Recorded data:
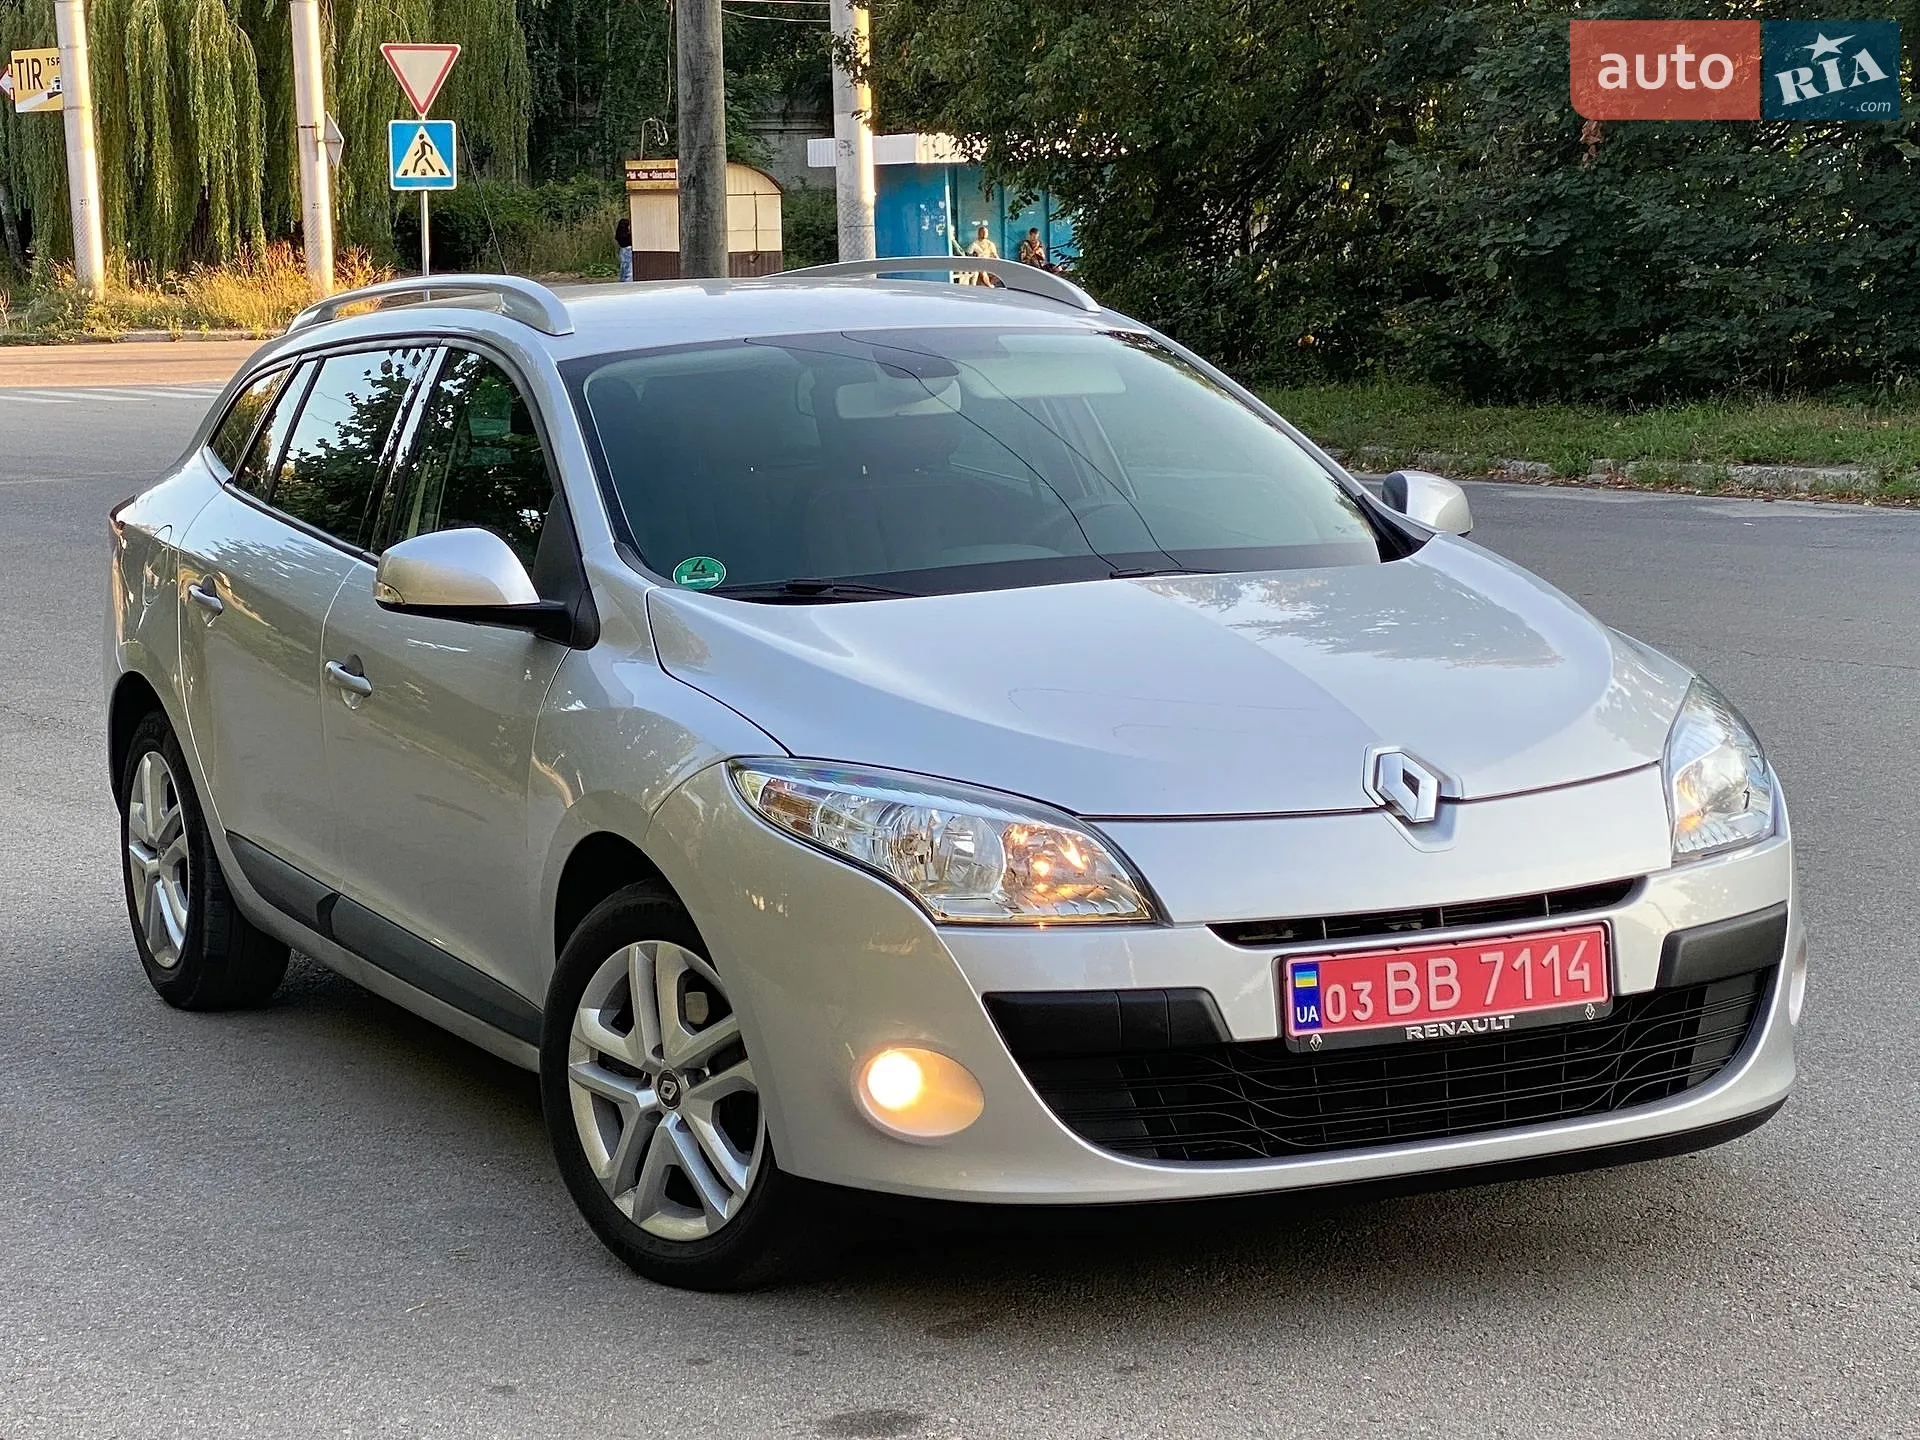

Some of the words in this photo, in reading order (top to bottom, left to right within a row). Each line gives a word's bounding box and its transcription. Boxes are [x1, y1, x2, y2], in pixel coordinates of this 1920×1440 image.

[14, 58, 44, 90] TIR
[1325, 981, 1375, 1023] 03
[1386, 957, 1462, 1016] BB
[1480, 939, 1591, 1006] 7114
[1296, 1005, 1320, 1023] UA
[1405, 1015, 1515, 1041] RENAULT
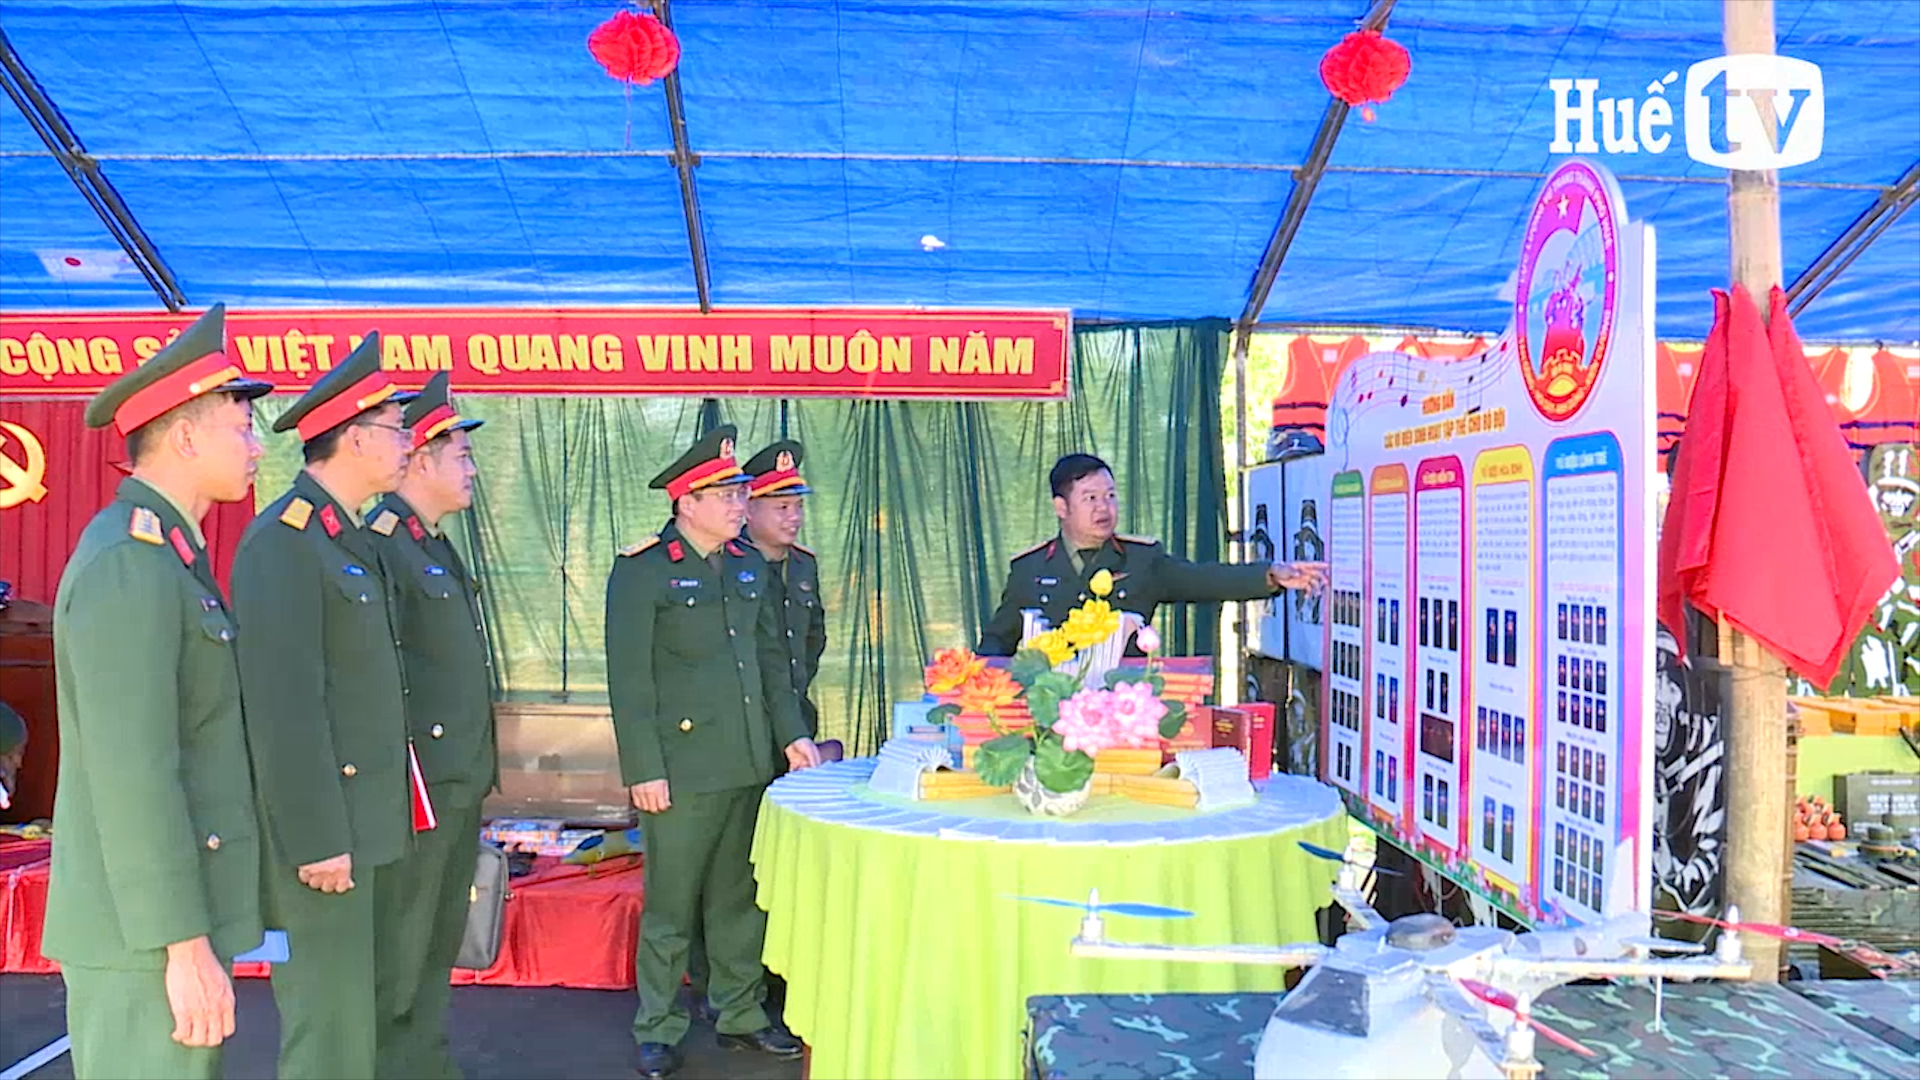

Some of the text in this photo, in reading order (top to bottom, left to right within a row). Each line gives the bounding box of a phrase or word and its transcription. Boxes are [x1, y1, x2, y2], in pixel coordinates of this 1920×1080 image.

* [Activity]:
Return the lines above exactly; the images are not part of the copy.

* [Reply]:
Some of the words in this photo, in reading order (top to bottom, left to right within a row). Each line gives a word's bounding box and its transcription. Boxes are [x1, y1, x2, y2], in pixel coordinates of this 1920×1440 image.

[14, 58, 44, 90] TIR
[1325, 981, 1375, 1023] 03
[1386, 957, 1462, 1016] BB
[1480, 939, 1591, 1006] 7114
[1296, 1005, 1320, 1023] UA
[1405, 1015, 1515, 1041] RENAULT

Some of the text in this photo, in reading order (top to bottom, left to right within a row). Each line gives the bounding box of a phrase or word and its transcription. Boxes are [x1, y1, x2, y2], in pixel coordinates of this 1920×1080 image.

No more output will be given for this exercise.